BRIEF DESCRIPTION OF THE DRAWINGS
In order to explain the technical solutions of the embodiments of the present invention more clearly, the following will briefly introduce the accompanying drawings used in the embodiments. Apparently, the drawings in the following description are only some embodiments of the present invention. Those of ordinary skill in the art can obtain other drawings based on these drawings without creative work.
FIG. 1 is a perspective view of the present invention;
FIG. 2 is a partial exploded view of the present invention;
FIG. 3 is a cross-sectional view along the center of the pump body according to the present invention;
FIG. 4 is a perspective view of the control host according to the present invention;
FIG. 5 is an exploded view of the control host according to the present invention;
FIG. 6 is a structural view of the second bottom shell connected to the receiving panel according to the present invention;
FIG. 7 is an exploded view with the control host removed according to the present invention;
FIG. 8 is an exploded view from another perspective with the control host removed according to the present invention; and
FIG. 9 is a structural view of the intermediate housing according to the present invention.
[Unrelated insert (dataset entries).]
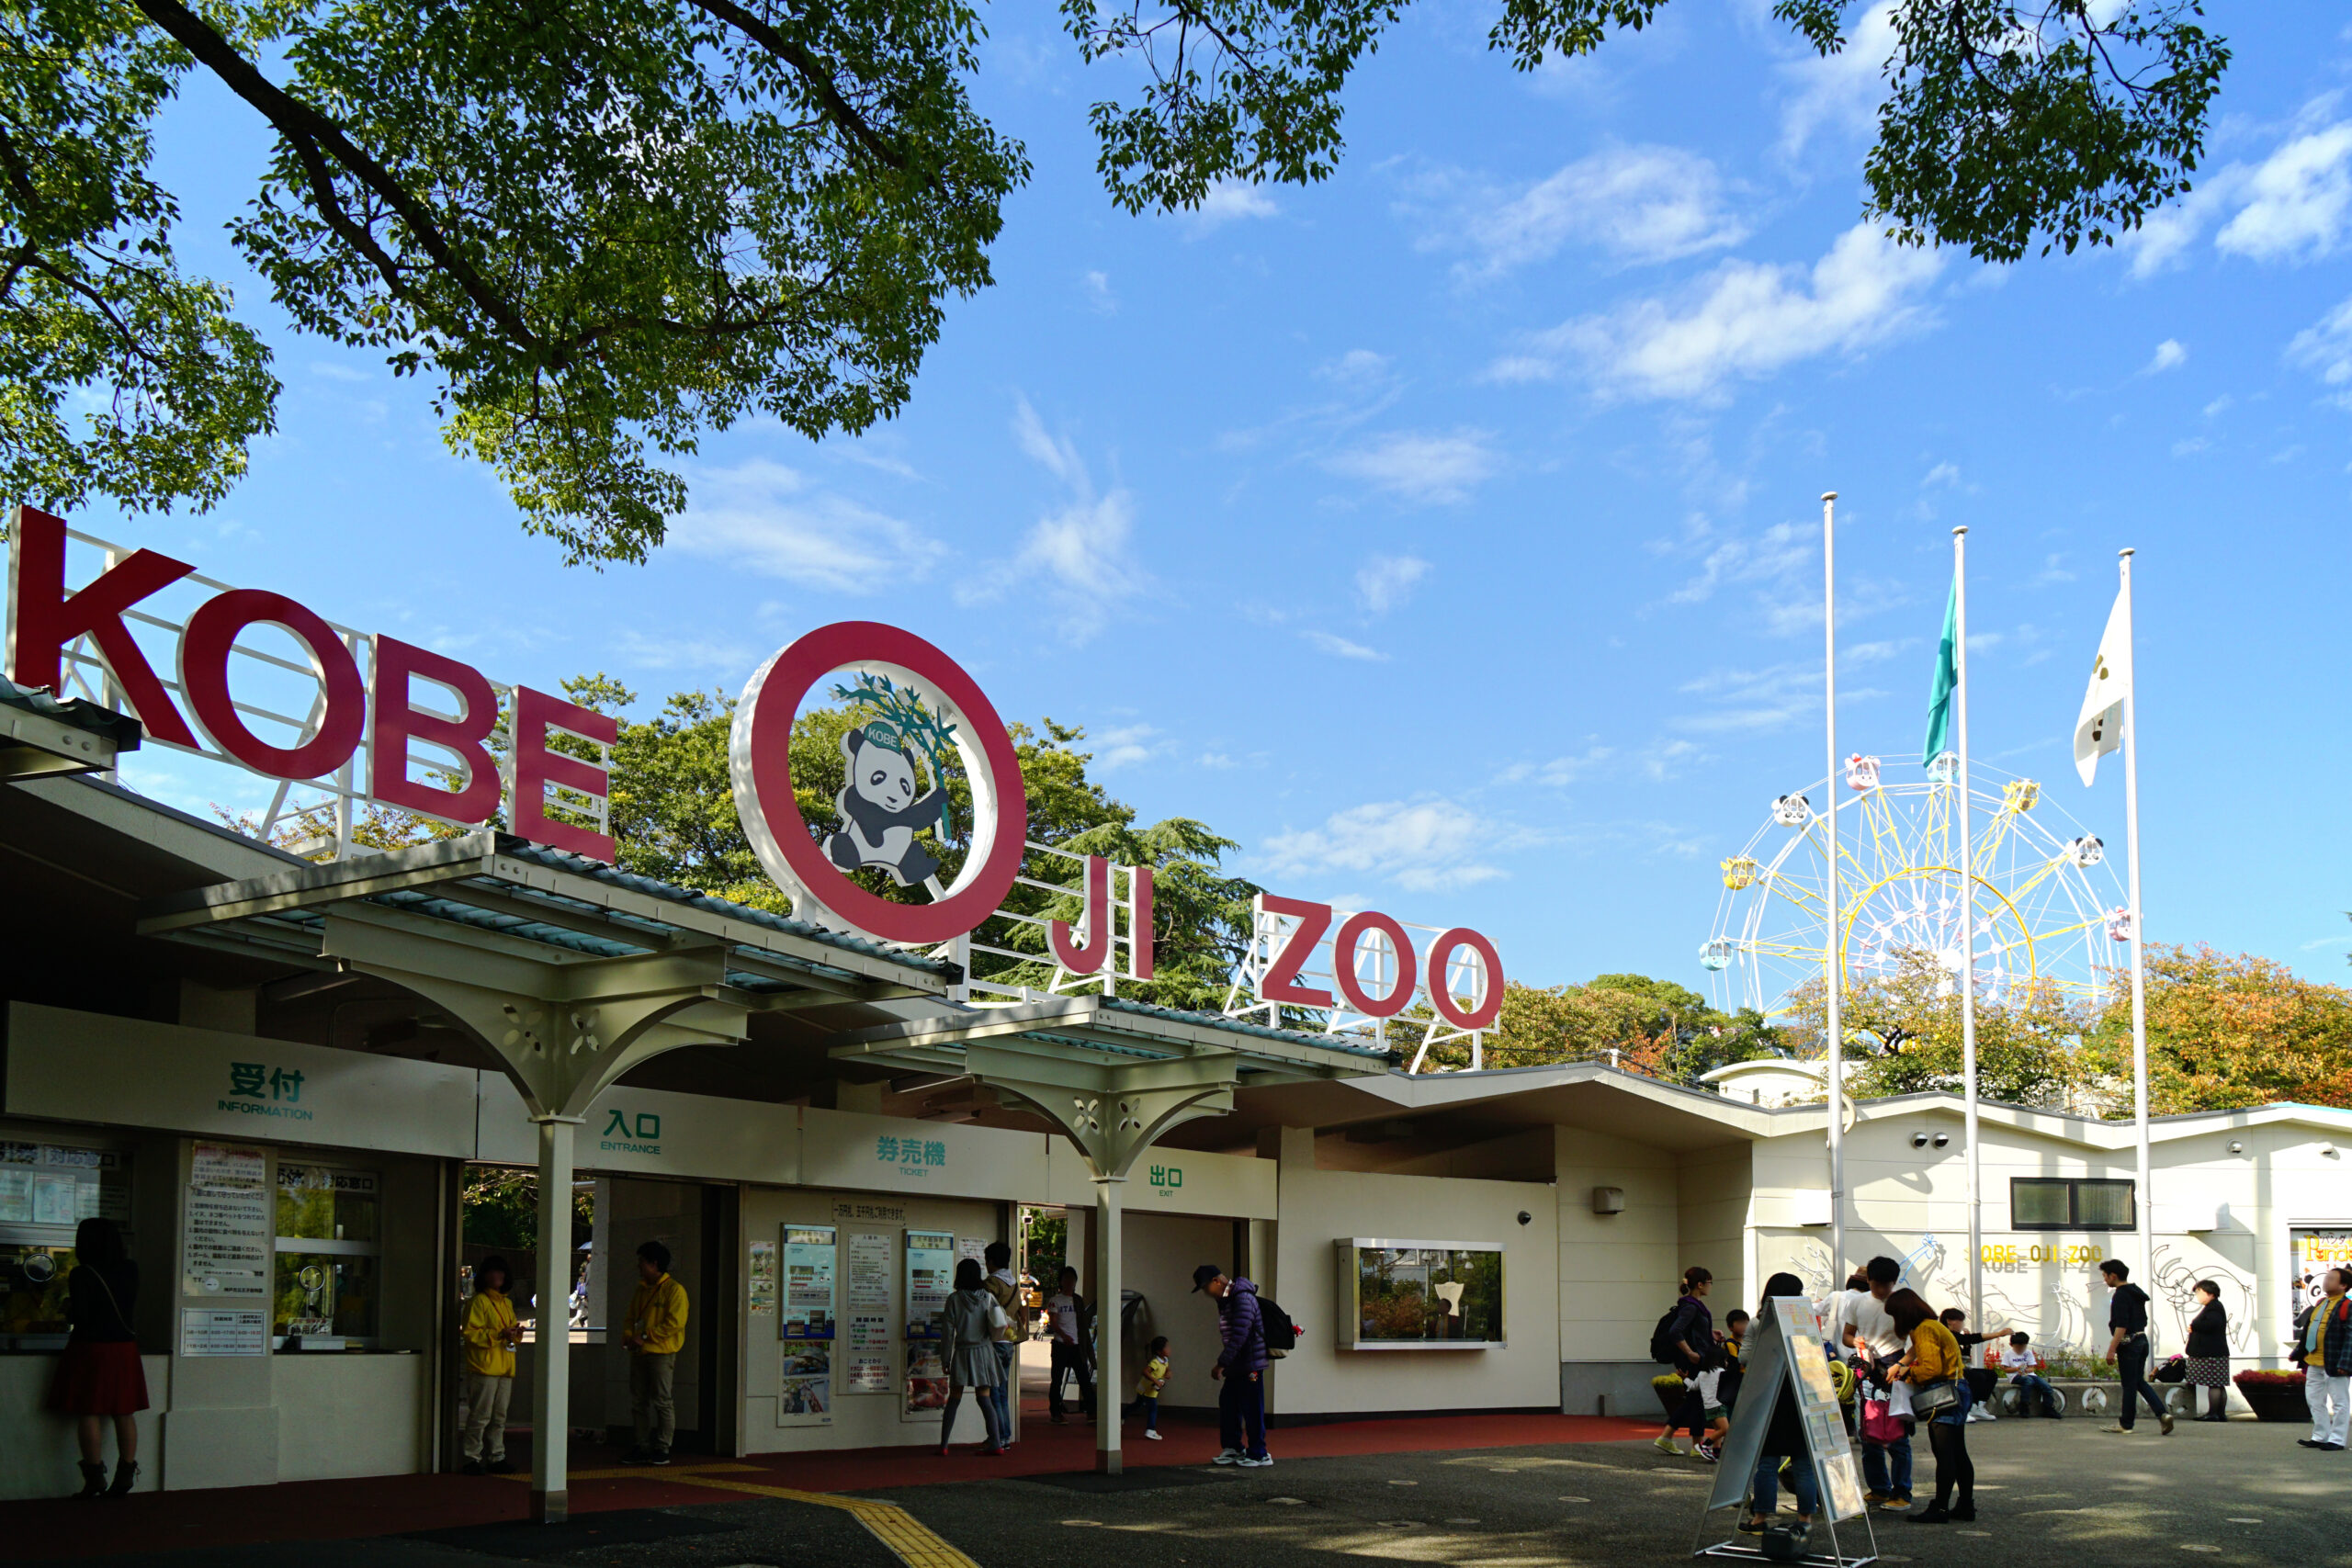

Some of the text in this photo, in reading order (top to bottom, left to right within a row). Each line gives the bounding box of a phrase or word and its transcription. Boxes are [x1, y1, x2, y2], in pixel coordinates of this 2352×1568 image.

[868, 728, 898, 748] KOBE
[11, 505, 617, 864] KOBE
[1254, 894, 1504, 1030] ZOO
[229, 1062, 304, 1102] 受付
[218, 1100, 313, 1121] INFORMATION
[604, 1110, 660, 1139] 入口
[50, 1149, 115, 1167] 対応窓口
[601, 1141, 662, 1155] ENTRANCE
[876, 1135, 945, 1166] 券売機
[899, 1167, 929, 1177] TICKET
[1150, 1165, 1182, 1188] 出口
[1967, 1245, 2102, 1263] OBE OJI ZOO
DETAILED DESCRIPTION OF THE EMBODIMENTS
It will be appreciated that for simplicity and clarity of illustration, where appropriate, reference numerals have been repeated among the different figures to indicate corresponding or analogous elements. In addition, numerous specific details are set forth in order to provide a thorough understanding of the exemplary embodiments described herein. However, it will be understood by those of ordinary skill in the art that the exemplary embodiments described herein may be practiced without these specific details. In other instances, methods, procedures, and components have not been described in detail so as not to obscure the related relevant feature being described. Also, the description is not to be considered as limiting the scope of the exemplary embodiments described herein. The drawings are not necessarily to scale and the proportions of certain parts may be exaggerated to better illustrate details and features of the present disclosure.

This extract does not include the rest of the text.